Despite the influx of AI-driven features, the key players in the CCaaS market remain largely unchanged. However, new product names and offerings have been introduced, adding complexity to the pricing structures. For instance, Genesys has incorporated AI Experience tokens into its pricing model, which includes features like answer highlights and wrap-up code prediction. These tokens are purchased in units measured per event, route, seat, or session, depending on the type of cloud product, further complicating the pricing exercise.
From a contracting perspective, the migration from on-premises solutions to cloud-based CCaaS platforms necessitates a thorough understanding and contractual agreement on the use of AI and AI-driven features. Enterprises must establish comprehensive AI policies that address data protection, intellectual property, liability, regulation, and ethics. These policies should include a governance model and an ongoing governance board to ensure continuous oversight and updates based on the latest developments.
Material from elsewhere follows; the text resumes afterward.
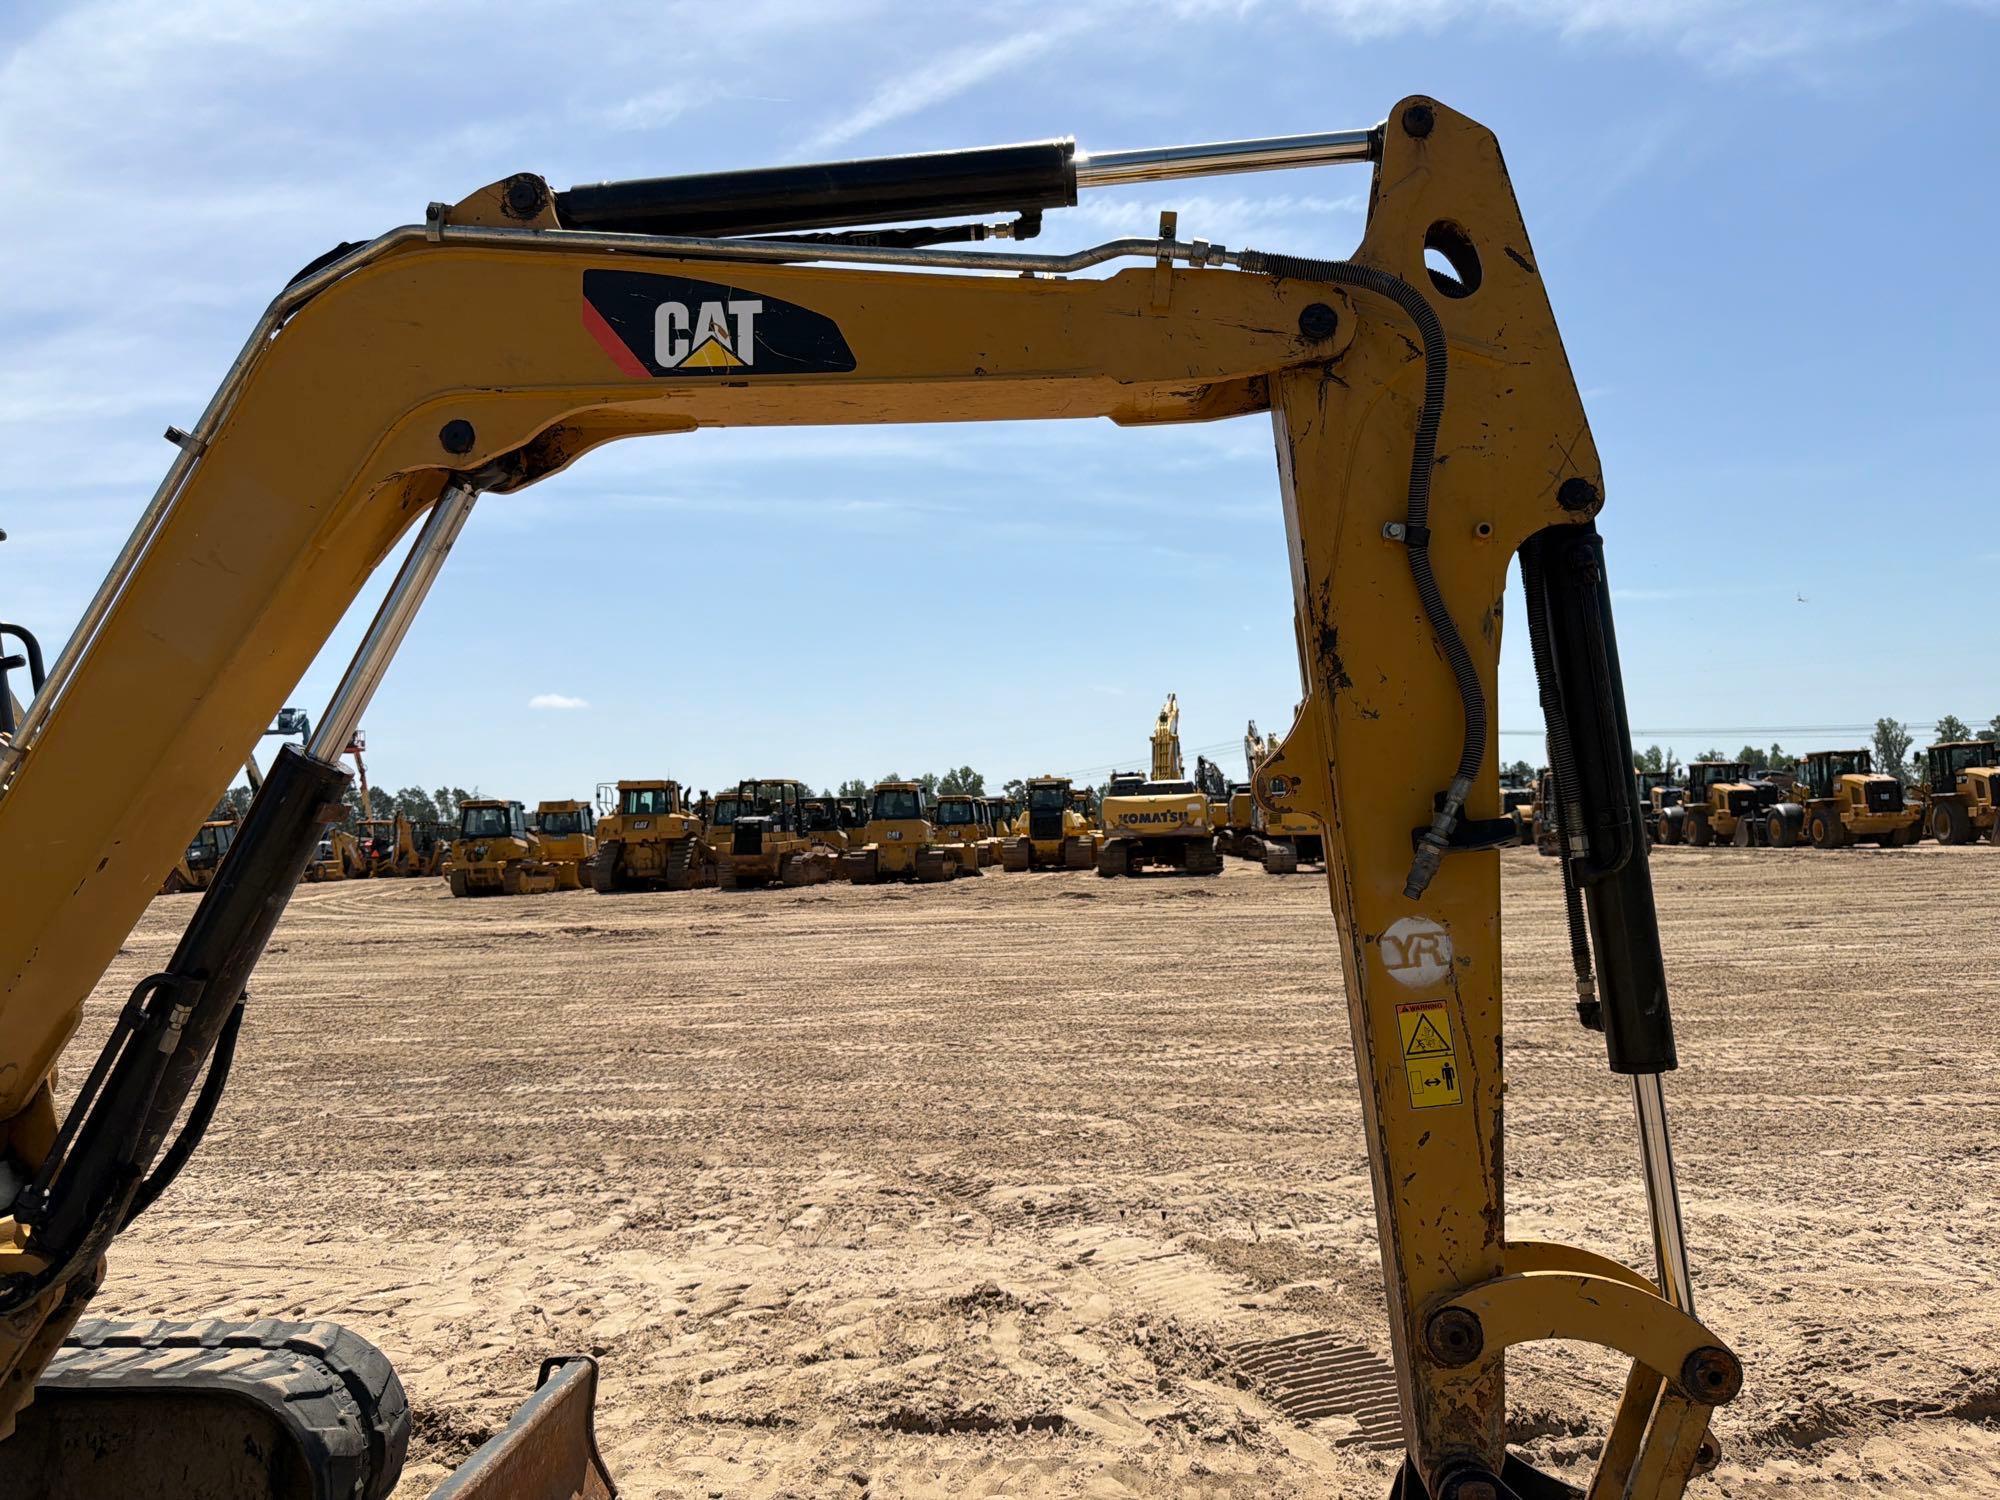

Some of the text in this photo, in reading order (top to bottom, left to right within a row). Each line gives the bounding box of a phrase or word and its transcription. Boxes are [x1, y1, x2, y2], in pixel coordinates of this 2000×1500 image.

Defining an AI policy involves addressing foundational questions such as the nature of the AI component, data usage and sensitivity, data residency, consent requirements, and applicable laws4. This approach ensures that enterprises are well-prepared to navigate the complexities of AI integration in their CCaaS solutions.
The process of sourcing CCaaS services has also evolved with the advent of AI. While the fundamental process of issuing a Request for Proposal (RFP) remains unchanged, the questions and terms within the RFP must now include AI-specific language aligned with the enterprise’s policies5. This includes defining AI, understanding data storage and usage, and ensuring compliance with ethical and regulatory requirements.
Ultimately, the goal of any CCaaS solution is to address the enterprise’s business objectives, such as improving customer satisfaction, customer experience, and employee experience. Understanding the use cases, environment size, and integration requirements is crucial to developing a cost model that fully contemplates the target environment, including AI-related costs.
In conclusion, the integration of AI into CCaaS solutions presents both opportunities and challenges for enterprises. By establishing robust AI policies, engaging in thorough contracting processes, and continuously updating governance models, businesses can effectively leverage AI to enhance their contact center operations and achieve their strategic objectives.